Materials provided:
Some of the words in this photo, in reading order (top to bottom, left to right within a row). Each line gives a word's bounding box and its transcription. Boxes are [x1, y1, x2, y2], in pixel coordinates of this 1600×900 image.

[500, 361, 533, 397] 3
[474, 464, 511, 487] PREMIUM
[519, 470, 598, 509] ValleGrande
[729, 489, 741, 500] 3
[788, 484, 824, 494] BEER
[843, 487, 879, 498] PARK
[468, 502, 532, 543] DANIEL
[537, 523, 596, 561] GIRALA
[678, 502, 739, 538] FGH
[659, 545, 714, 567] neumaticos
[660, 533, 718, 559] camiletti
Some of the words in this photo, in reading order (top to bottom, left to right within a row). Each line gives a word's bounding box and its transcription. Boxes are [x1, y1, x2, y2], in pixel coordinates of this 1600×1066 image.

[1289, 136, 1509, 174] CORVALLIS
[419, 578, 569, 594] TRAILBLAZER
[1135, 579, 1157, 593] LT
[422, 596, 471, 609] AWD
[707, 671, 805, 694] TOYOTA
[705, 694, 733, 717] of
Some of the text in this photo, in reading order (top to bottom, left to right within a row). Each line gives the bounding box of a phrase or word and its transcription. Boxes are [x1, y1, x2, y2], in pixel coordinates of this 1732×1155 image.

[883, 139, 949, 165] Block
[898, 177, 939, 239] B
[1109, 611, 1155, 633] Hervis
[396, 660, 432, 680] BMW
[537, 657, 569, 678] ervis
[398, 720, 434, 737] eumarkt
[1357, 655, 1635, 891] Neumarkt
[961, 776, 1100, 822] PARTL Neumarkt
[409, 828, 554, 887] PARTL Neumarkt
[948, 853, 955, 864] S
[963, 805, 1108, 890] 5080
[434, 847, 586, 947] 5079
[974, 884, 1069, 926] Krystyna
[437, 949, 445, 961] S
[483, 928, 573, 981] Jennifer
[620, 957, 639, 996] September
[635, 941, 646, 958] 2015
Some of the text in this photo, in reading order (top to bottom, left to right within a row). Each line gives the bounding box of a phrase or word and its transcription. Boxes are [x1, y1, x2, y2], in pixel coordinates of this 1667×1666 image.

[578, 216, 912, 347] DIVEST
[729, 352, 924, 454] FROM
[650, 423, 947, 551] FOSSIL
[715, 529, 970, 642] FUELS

Your objective: Beginning with the line that holds "this 1667×1666 image.", please give again each line exactly until the records end, and include that final line.

Answer box:
Some of the text in this photo, in reading order (top to bottom, left to right within a row). Each line gives the bounding box of a phrase or word and its transcription. Boxes are [x1, y1, x2, y2], in pixel coordinates of this 1667×1666 image.

[578, 216, 912, 347] DIVEST
[729, 352, 924, 454] FROM
[650, 423, 947, 551] FOSSIL
[715, 529, 970, 642] FUELS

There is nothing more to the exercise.